**Data extract**

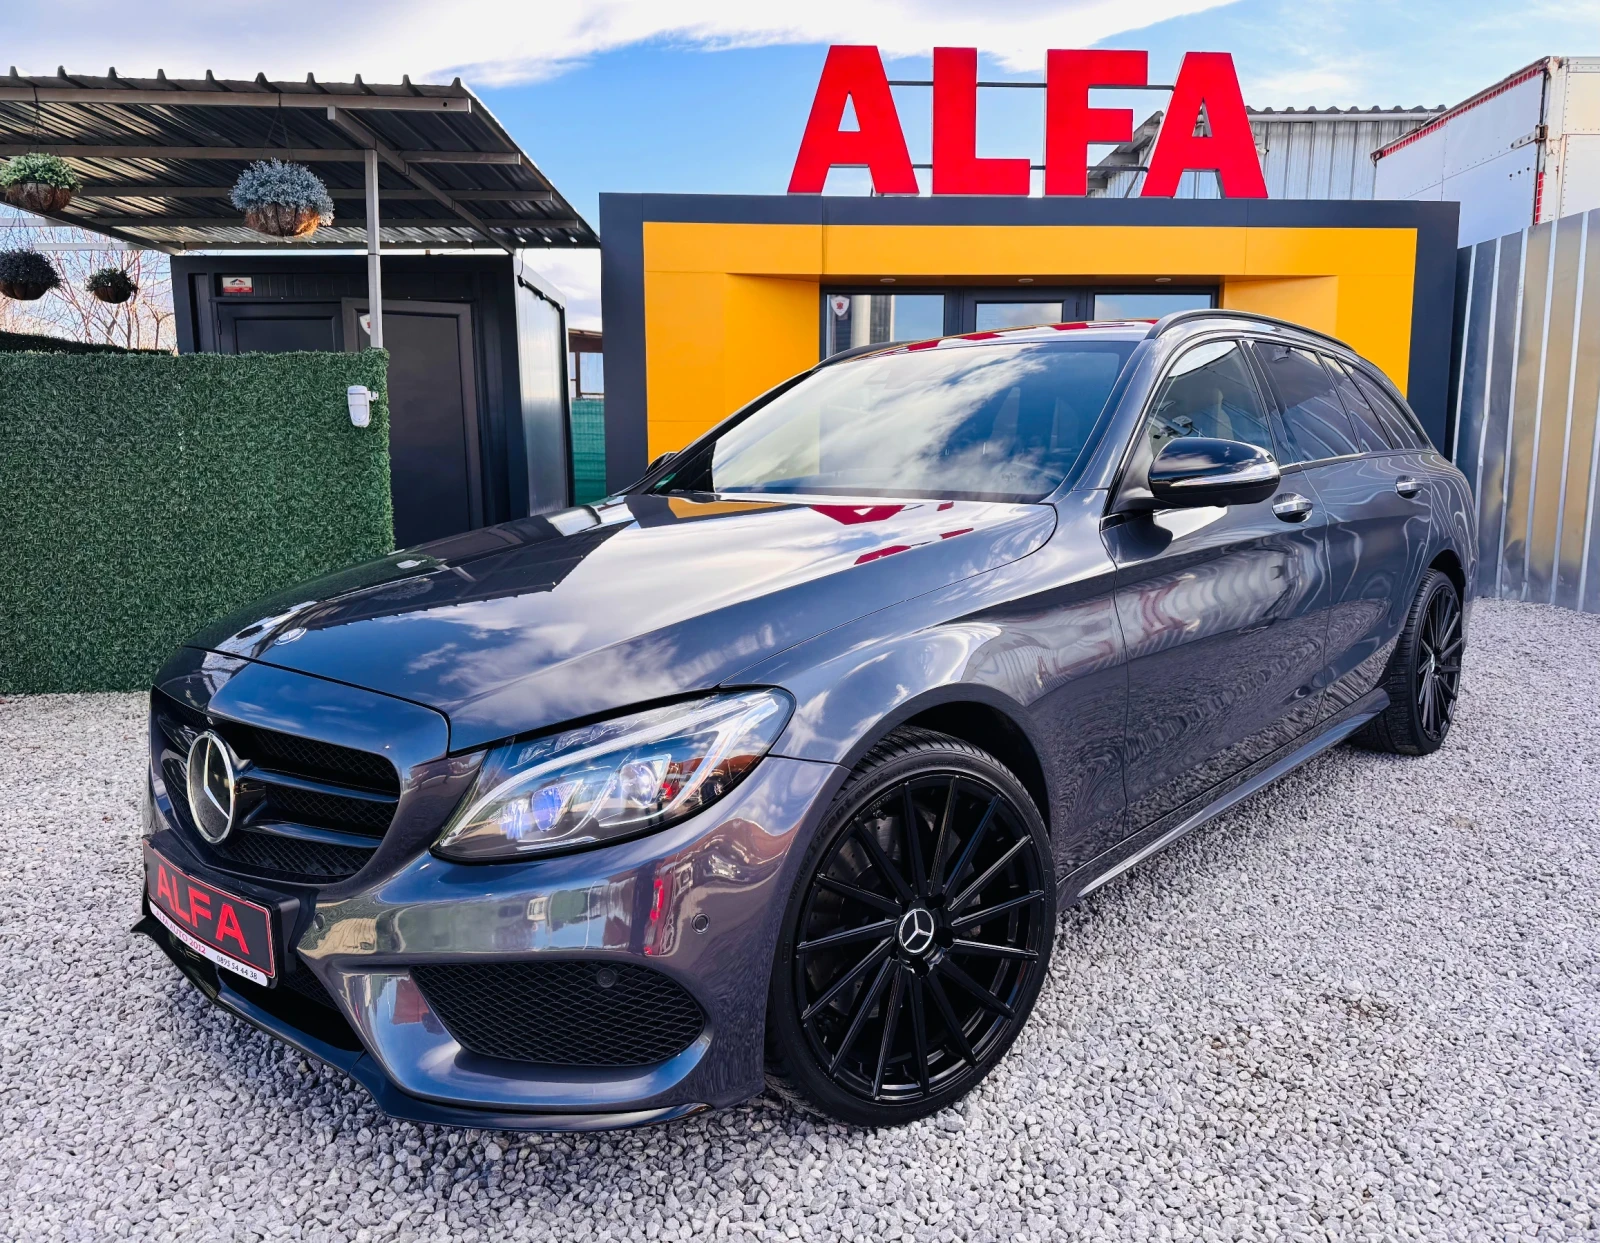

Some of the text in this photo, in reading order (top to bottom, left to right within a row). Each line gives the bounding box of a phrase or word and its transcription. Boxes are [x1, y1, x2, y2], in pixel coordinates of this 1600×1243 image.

[787, 44, 1268, 198] ALFA
[155, 909, 207, 955] ALFA AUTO 2012
[157, 864, 250, 955] ALFA
[216, 954, 258, 980] 0895 54 44 38
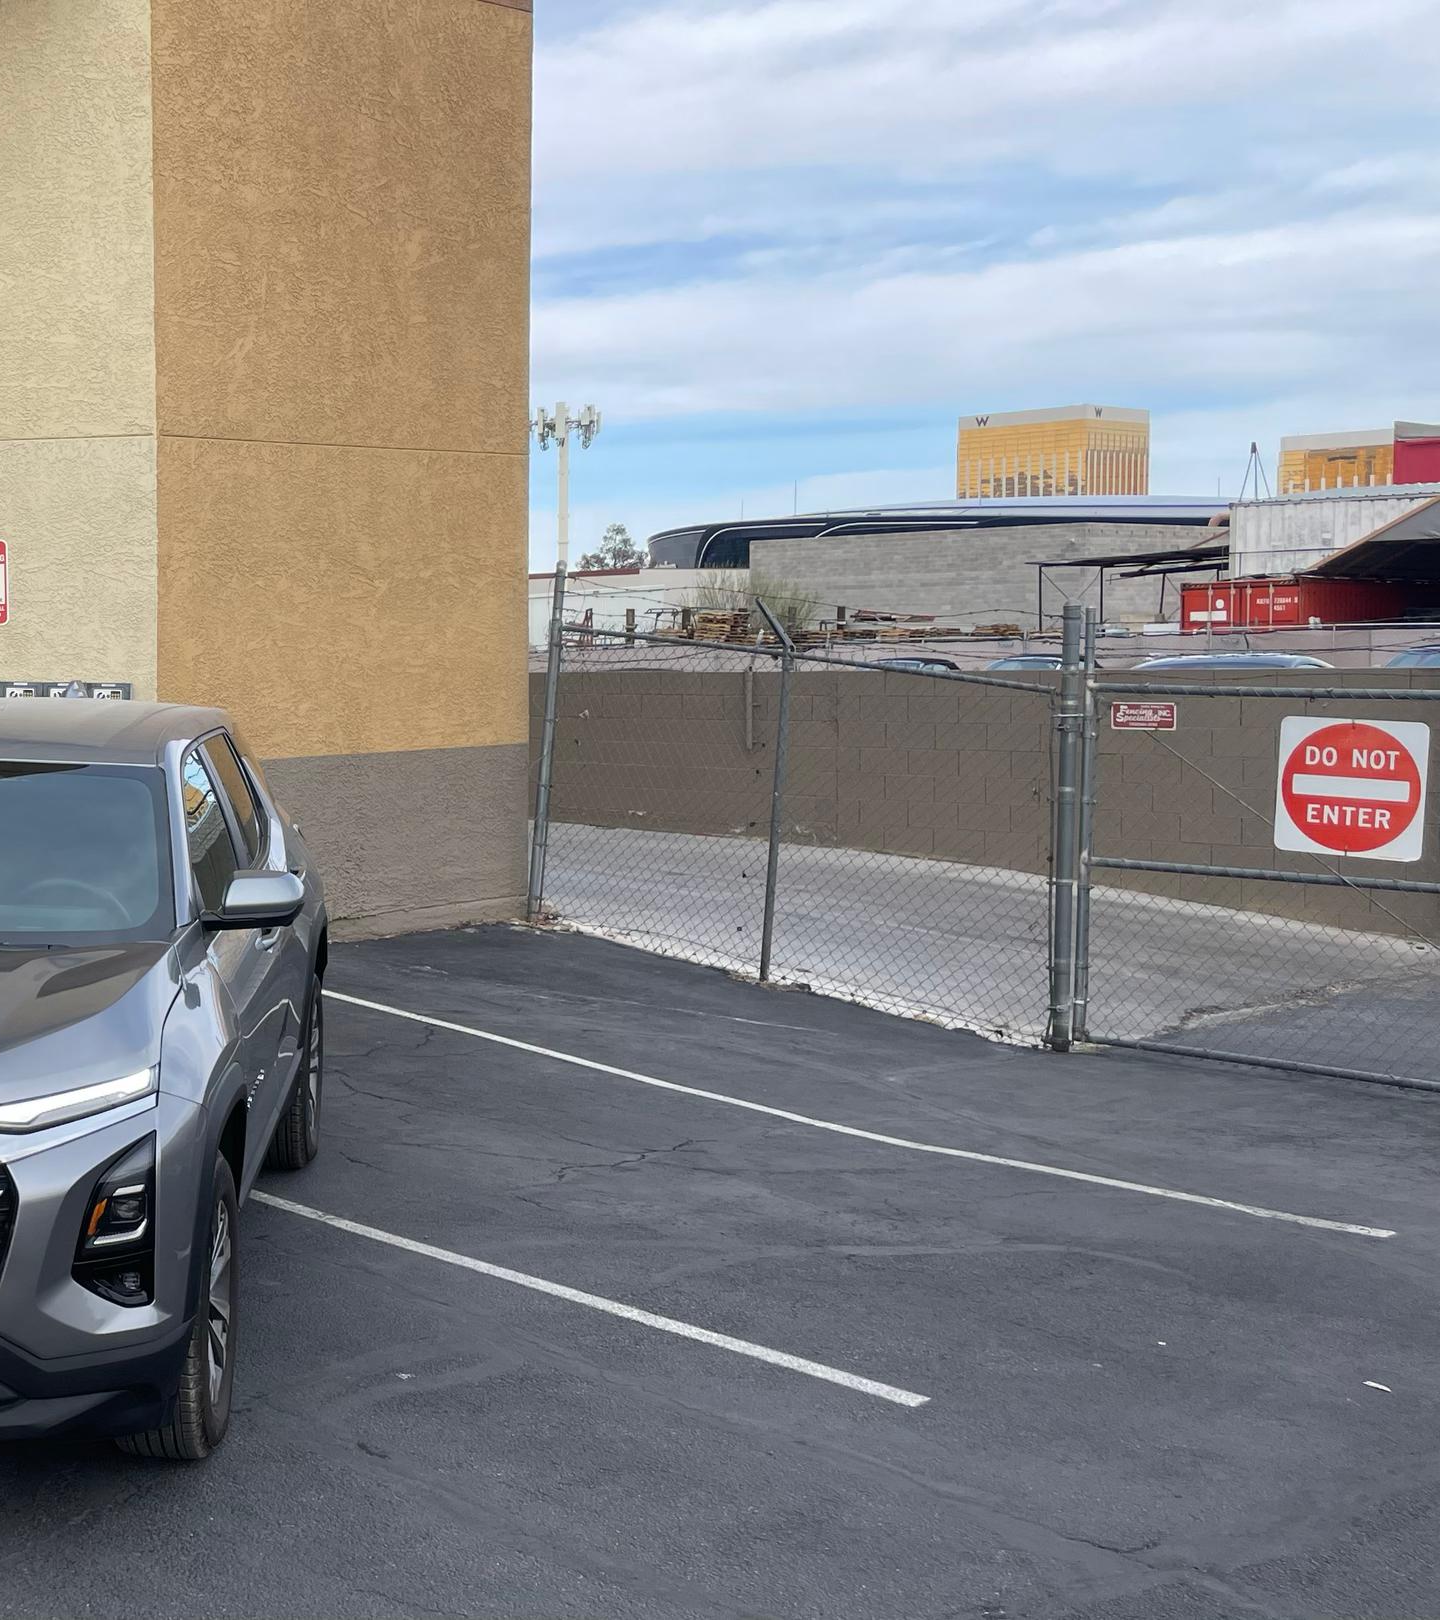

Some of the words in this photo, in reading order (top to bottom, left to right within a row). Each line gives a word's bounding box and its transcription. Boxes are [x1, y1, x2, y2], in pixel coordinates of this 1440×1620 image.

[1094, 407, 1103, 418] W
[975, 416, 990, 427] W
[1120, 705, 1153, 715] Fencing
[1305, 746, 1338, 766] DO
[1352, 749, 1400, 770] NOT
[1306, 803, 1391, 830] ENTER

**Aim of the task**
Give back the listing exactly, without a single picture.

**Task result**
Some of the text in this photo, in reading order (top to bottom, left to right within a row). Each line gives the bounding box of a phrase or word and its transcription. Boxes are [x1, y1, x2, y2], in pixel coordinates of this 1600×1243 image.

[787, 44, 1268, 198] ALFA
[155, 909, 207, 955] ALFA AUTO 2012
[157, 864, 250, 955] ALFA
[216, 954, 258, 980] 0895 54 44 38

Some of the words in this photo, in reading order (top to bottom, left to right within a row). Each line gives a word's bounding box and its transcription. Boxes are [x1, y1, x2, y2], in pixel coordinates of this 1440×1620 image.

[1094, 407, 1103, 418] W
[975, 416, 990, 427] W
[1120, 705, 1153, 715] Fencing
[1305, 746, 1338, 766] DO
[1352, 749, 1400, 770] NOT
[1306, 803, 1391, 830] ENTER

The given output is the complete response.